→ YOUR TASK
Repeat the listing exactly, line by line, and leave the pictures behind.

→ INPUT FOR THIS TASK
○ ○ ○ ○ ○

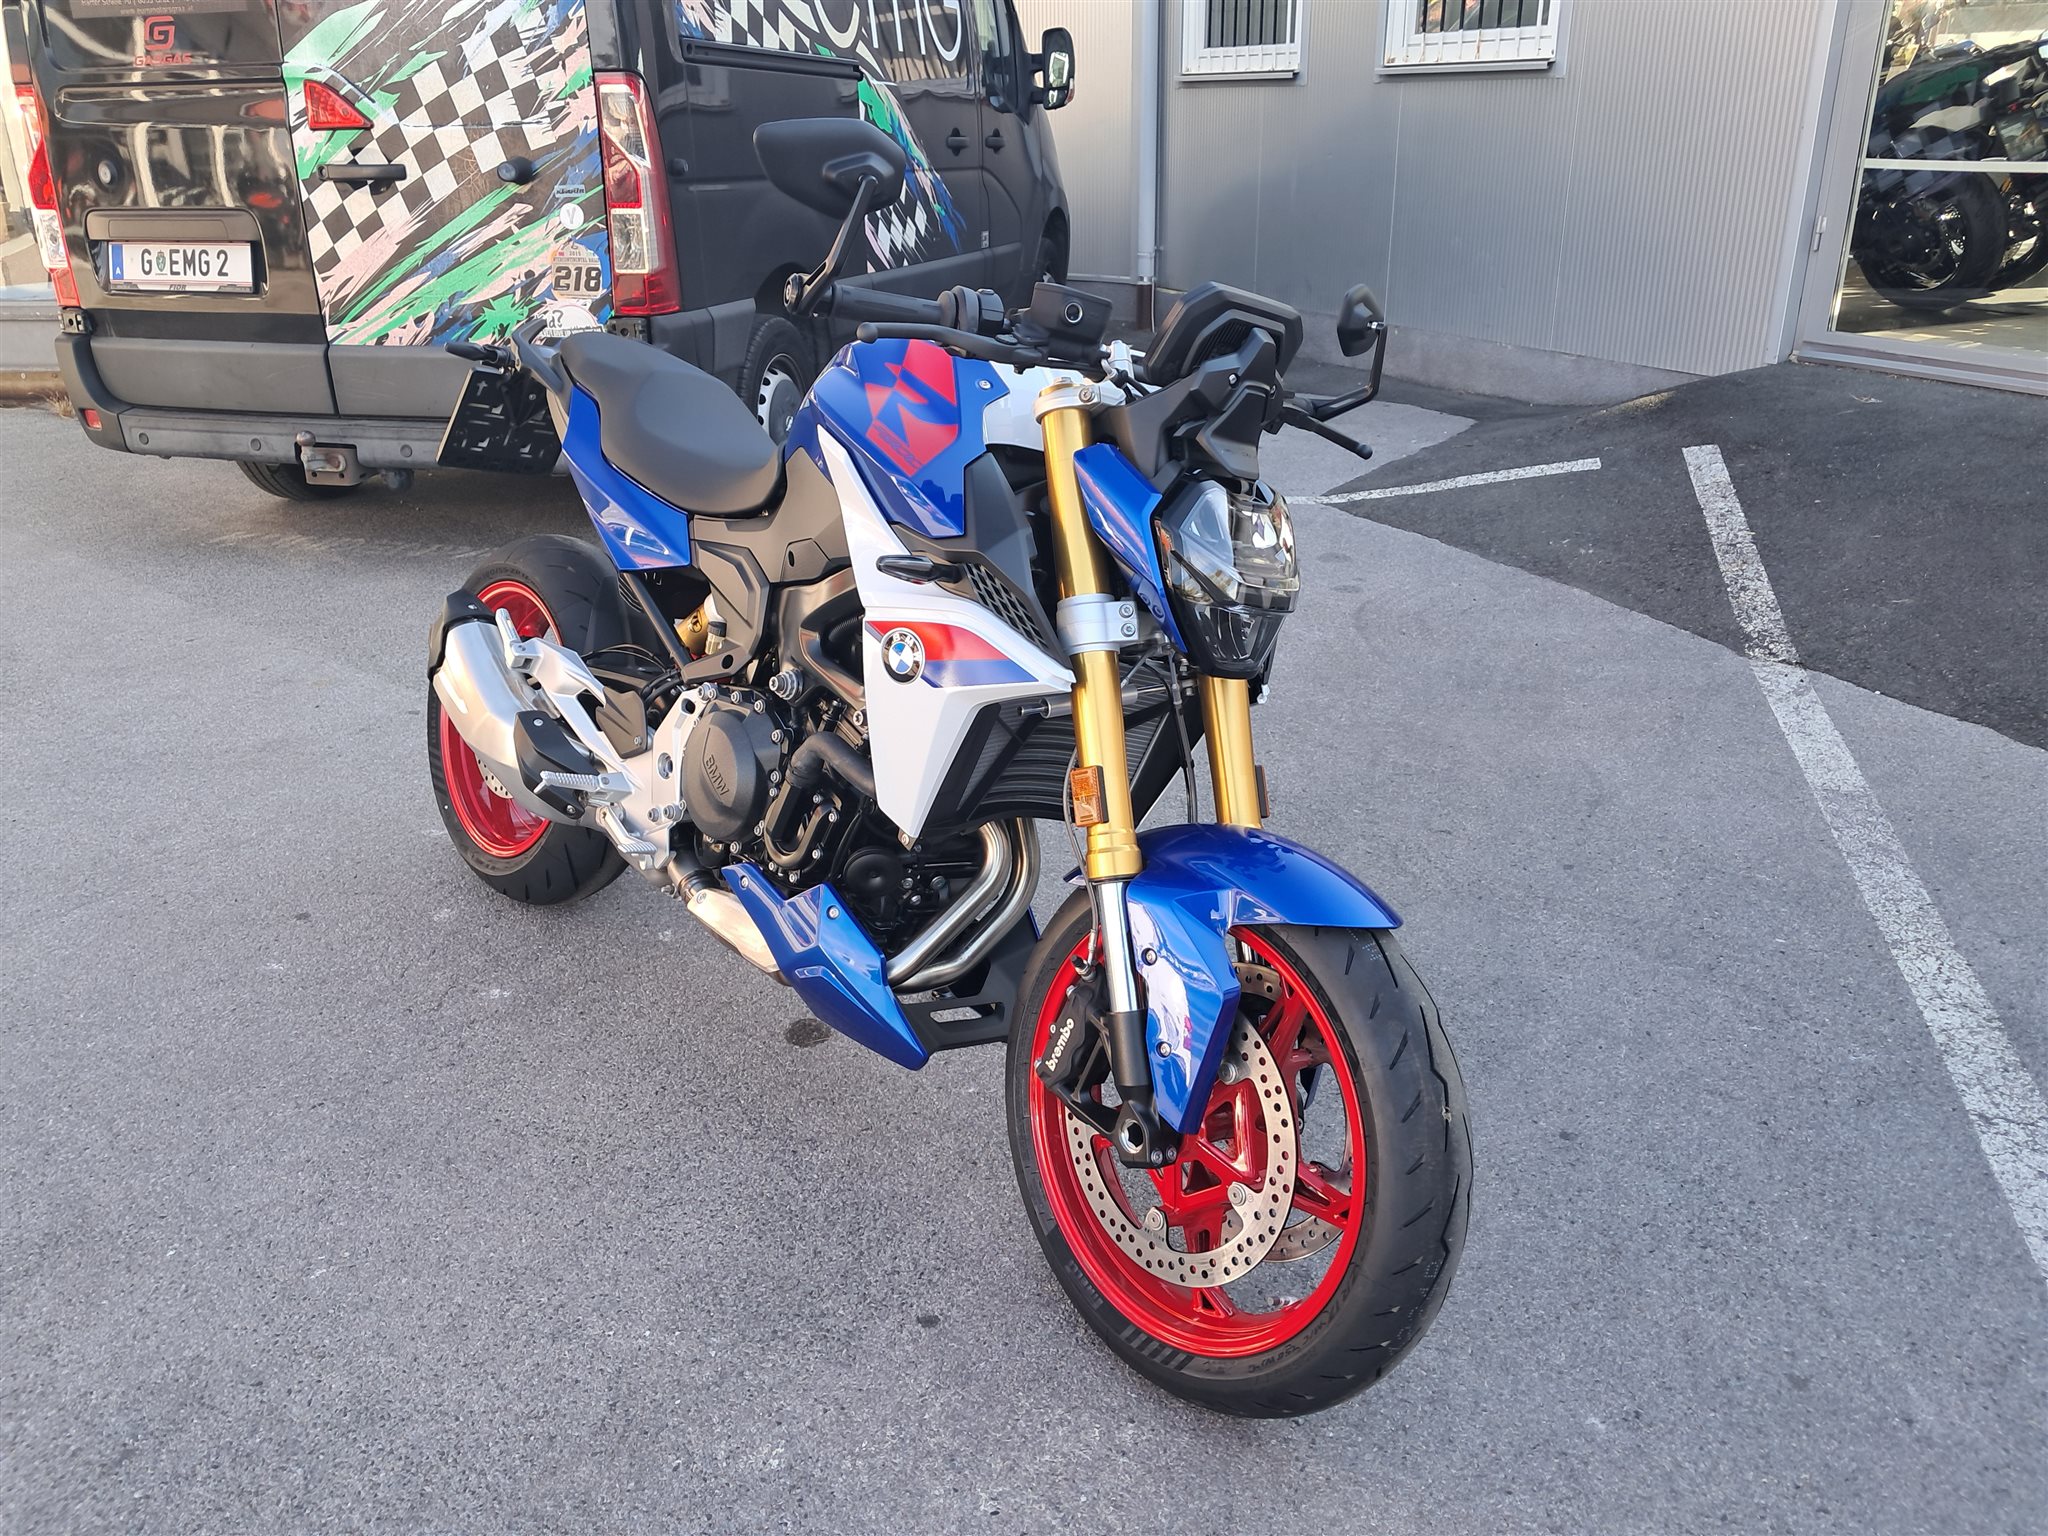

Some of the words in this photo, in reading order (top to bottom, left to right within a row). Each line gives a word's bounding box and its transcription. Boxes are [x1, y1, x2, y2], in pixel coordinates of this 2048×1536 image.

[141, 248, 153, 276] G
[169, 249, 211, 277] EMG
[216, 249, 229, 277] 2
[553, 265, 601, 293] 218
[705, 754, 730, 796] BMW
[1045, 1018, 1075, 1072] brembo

○ ○ ○ ○ ○

→ SOLUTION FOR THIS EXERCISE
Some of the words in this photo, in reading order (top to bottom, left to right within a row). Each line gives a word's bounding box and its transcription. Boxes are [x1, y1, x2, y2], in pixel coordinates of this 2048×1536 image.

[141, 248, 153, 276] G
[169, 249, 211, 277] EMG
[216, 249, 229, 277] 2
[553, 265, 601, 293] 218
[705, 754, 730, 796] BMW
[1045, 1018, 1075, 1072] brembo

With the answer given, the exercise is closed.